Darüber hinaus sind die Forschungsresultate, die durch Tierversuche gewonnen wurden, nur schwer auf den Menschen zu übertragen. Oftmals versagen Medikamente beim Menschen, obwohl diese zuvor erfolgreich an Tieren getestet wurden. Es ist daher essenziell, die Weiterentwicklung neuer Ansätze voranzutreiben, um die Möglichkeiten für die Erforschung menschlicher Erkrankungen weiter zu verbessern.
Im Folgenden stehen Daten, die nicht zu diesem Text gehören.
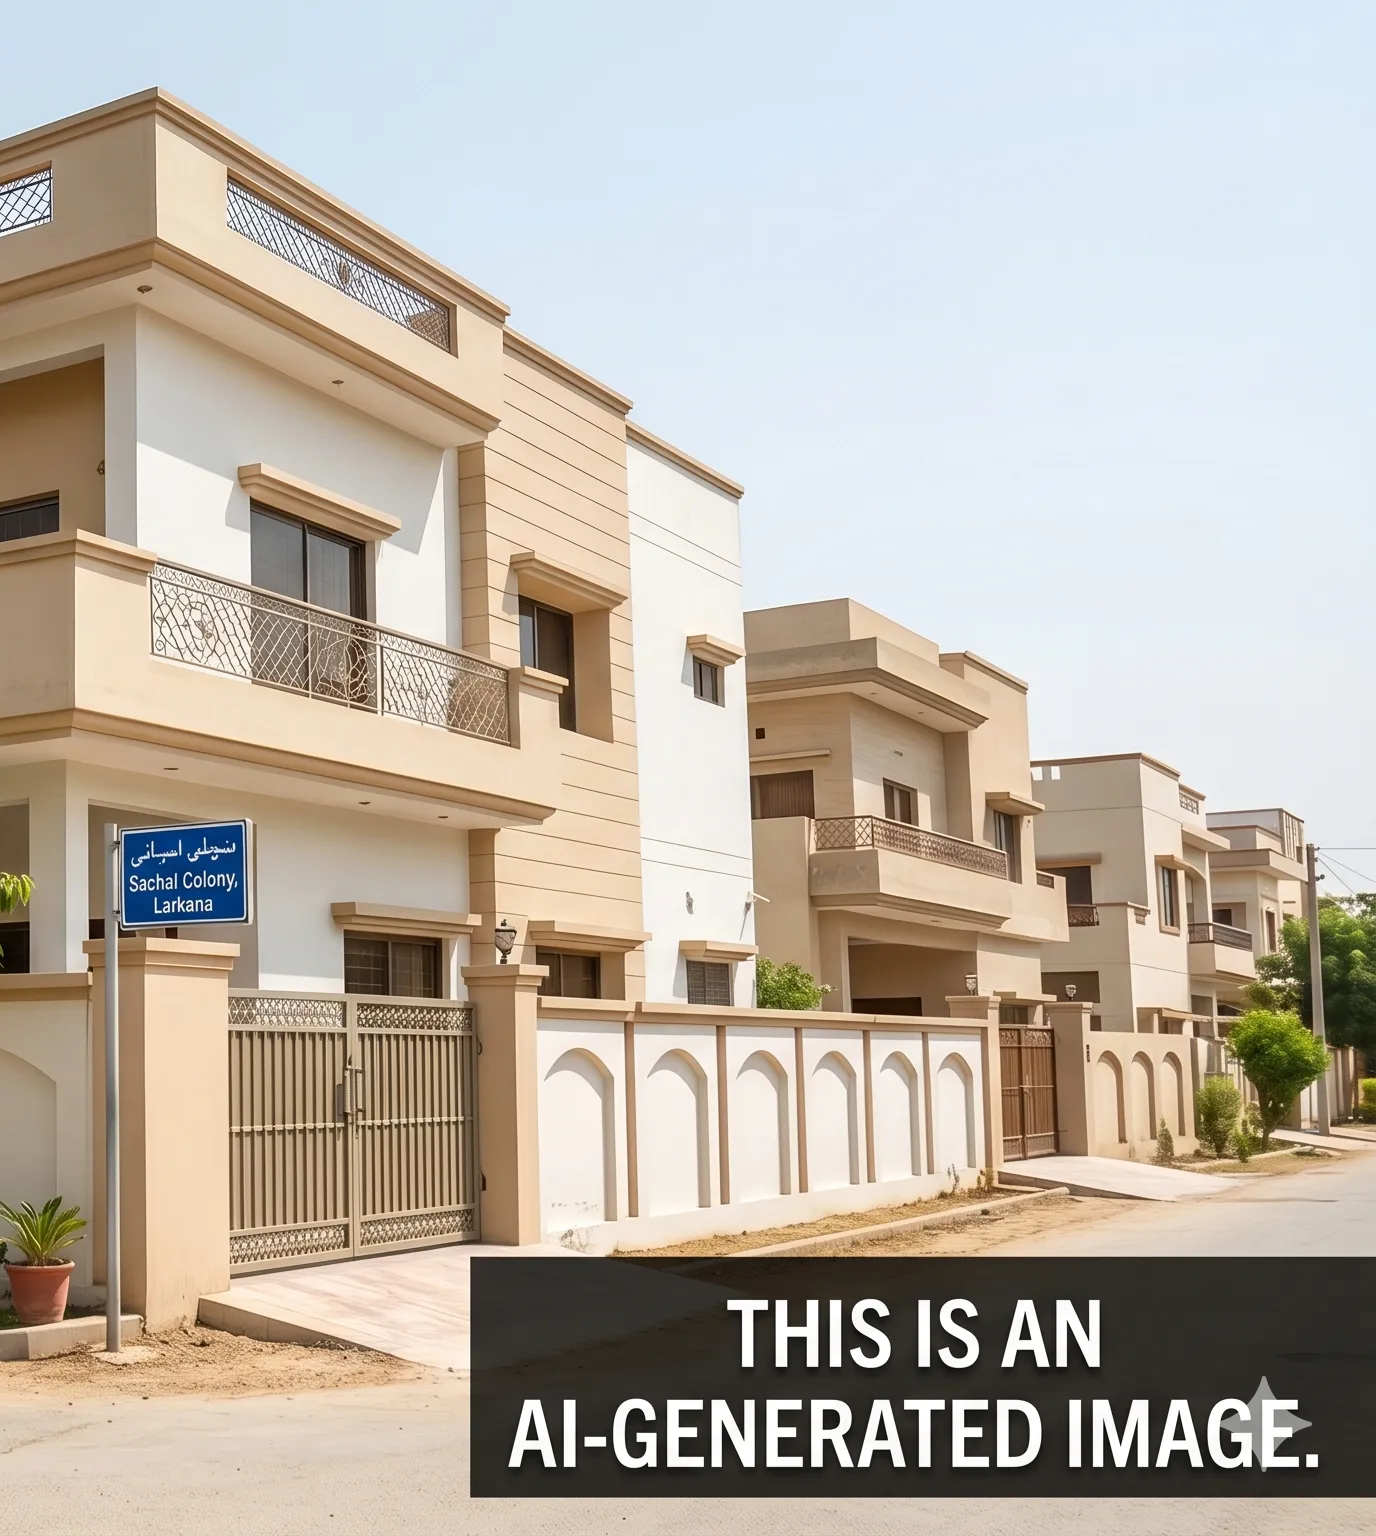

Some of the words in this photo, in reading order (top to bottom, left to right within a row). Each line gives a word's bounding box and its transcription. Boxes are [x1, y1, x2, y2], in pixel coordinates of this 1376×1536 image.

[129, 873, 177, 892] Sachal
[182, 870, 238, 892] Colony,
[154, 896, 213, 914] Larkana
DIE LINKE setzt sich daher unter anderem auch für die Umverteilung von Forschungsmitteln zugunsten der Weiter- und Neuentwicklung tierversuchsfreier bzw. alternativer und neuer Methoden sowie zur institutionellen Stärkung der ZEBET (Zentralstelle zur Erfassung und Bewertung von Ersatz und Ergänzungsmethoden zum Tierversuch) sowie des ECVAM (Europäisches Zentrum zur Validierung alternativer Methoden) ein. Die im Haushalt des Bundesforschungsministeriums verausgabte Summe von weniger als fünf Millionen Euro im Jahr ist deutlich zu niedrig und erreicht in keiner Weise Ergebnisse, die auf einen Fortschritt in der Entwicklung alternativer tierversuchsfreier Methoden hoffen lassen. Sie beträgt etwa ein Prozent der gesamten Projektförderung des Bundesministeriums für Bildung und Forschung (BMBF). Wir wollen eine schnelle Steigerung der Fördermittel für Alternativmethoden zu Tierversuchen.
Als erstes EU-Land haben die Niederlande einen Plan zum Abbau der Tierversuche vorgelegt. Danach ist der Ausstieg in den Bereichen regulatorische Tests und Chargenprüfungen möglich. Die Niederlande wollen bis zum Jahr 2025 eine weltweite Spitzenposition für tierversuchsfreie Verfahren in diesen Bereichen einnehmen. Ich finde, die Initiative der Niederlande in dieser Form ist einzigartig und zukunftsweisend. Die Förderung tierfreier Laborinnovationen ist nicht nur aus Perspektive des Tierschutzes ein Fortschritt, sie beinhaltet auch großes wissenschaftliches und wirtschaftliches Potenzial.
DIE LINKE setzt sich zudem für die Ausweitung von Lehre und Forschung einer tierverbrauchsfreien Wissenschaft in Form von tierversuchsfreien Studiengängen in den Lebenswissenschaften, verbunden mit der Einrichtung von Lehrstühlen und Professuren für tierverbrauchsfreie Verfahren ein. Nur so kann der Grundstein gelegt werden, zukünftige wissenschaftliche Generationen für dieses Thema zu sensibilisieren und die Weiterentwicklung alternativer tierversuchsfreier Forschungsmethoden zu fördern.
Ich kann Ihnen versichern, eine hoffentlich starke LINKE im Bundestag wird sich auch in der nächsten Legislatur gegen die grausame und sinnlose Quälerei von Tieren zu angeblich wissenschaftlichen Zwecken einsetzen.